Sin embargo, al tiempo que las conversiones aumentaban, las persecuciones a los primeros cristianos también se intensificaron, pues, como advirtiese Cristo: “No es el siervo mayor que su señor. Si me persiguieron a mí, también a vosotros os perseguirán” (Jn 15,20). Entre quienes «con gran furia» perseguían a la Iglesia de Dios y la devastaban, aventajando en el celo por el judaísmo a muchos de los coetáneos de su nación, mostrándose extremadamente celadores «de las tradiciones paternas” (cf. Gál 1,13-14), destaca Saulo de Tarso. Este, que se encontraba en Jerusalén para formarse como doctor de la ley en la escuela de Gamaliel, presenció el martirio de San Esteban (quien muere confiando su vida a Dios y perdonando a sus verdugos). Poco después Saulo, acompañado de algunos servidores, parte de Jerusalén a Damasco, con papeles de los sumos sacerdotes que lo habilitaban para apresar a todos los seguidores de Cristo que encontrase. Sin embargo, Dios tenía otros planes…
«Estando ya cerca de Damasco, de repente se vio rodeado de una luz del cielo; y cayendo a tierra, oyó una voz que le decía: Saulo, Saulo, ¿por qué me persigues? Saulo contestó: ‘¿Quién sois, Señor?’ Y Él: ‘Yo soy Jesús, a quien tú persigues’. Saulo: ‘¿Qué queréis que haga?’ Él respondió: ‘Levántate y entra en la ciudad, y se te dirá lo que has de hacer’. Los hombres que le acompañaban estaban de pie atónitos oyendo la voz, pero sin ver a nadie.
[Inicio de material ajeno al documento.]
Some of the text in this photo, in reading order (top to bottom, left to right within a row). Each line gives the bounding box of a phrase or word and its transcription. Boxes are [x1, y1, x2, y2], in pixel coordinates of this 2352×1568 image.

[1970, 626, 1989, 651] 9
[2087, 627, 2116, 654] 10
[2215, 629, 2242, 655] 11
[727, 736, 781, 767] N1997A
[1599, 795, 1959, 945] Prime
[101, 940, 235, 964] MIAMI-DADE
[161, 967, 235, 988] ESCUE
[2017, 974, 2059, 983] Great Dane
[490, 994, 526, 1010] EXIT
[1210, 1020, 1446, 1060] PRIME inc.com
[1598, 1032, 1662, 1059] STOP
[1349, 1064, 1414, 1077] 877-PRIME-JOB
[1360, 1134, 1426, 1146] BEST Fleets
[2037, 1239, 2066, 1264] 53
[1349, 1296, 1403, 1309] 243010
Saulo se levantó del suelo, y con los ojos abiertos nada veía. Lleváronle de la mano y le introdujeron en Damasco, donde estuvo tres días sin ver y sin comer ni beber» (He 9, 3-9). Pues la presencia del Resucitado y su dulce reproche lograron en un instante derrumbar la soberbia del fariseo, quien, para poder ver, tuvo antes que ser cegado.
Como afirma San Agustín: “Primero había de ser postrado en tierra, para ser luego levantado; primero herido, luego sanado. Pues Cristo no viviría en él si antes no moría su mala vida anterior” (Sermón 279).
“Entonces Ananías, hombre de sólida virtud y temeroso de Dios, instruido por el Señor de que Saulo había sido elegido por Cristo para que llevase su nombre ante las naciones, se acercó a Saulo e, imponiéndole las manos, le dijo que el Señor lo había enviado para que recobrara la vista y fuera lleno del Espíritu Santo. Al instante cayeron de sus ojos como escamas y recobró la vista y levantándose fue bautizado” (He 9,15-18). San Agustín dice al respecto: “Ciertamente, perdió la vista; para que en su corazón resplandeciese la luz interior, se le privó temporalmente de la exterior; se le quitó al perseguidor para serle devuelta al predicador. Y durante el tiempo en que no veía nada, veía a Jesús. De esta forma, hasta en su misma ceguera tomaba forma el misterio de los creyentes, puesto que quien cree en Cristo es a Él a quien debe mirar, considerando las demás cosas como no existentes; para que la criatura aparezca como vil y el creador se muestre dulce al corazón” (San Agustín, ibid.).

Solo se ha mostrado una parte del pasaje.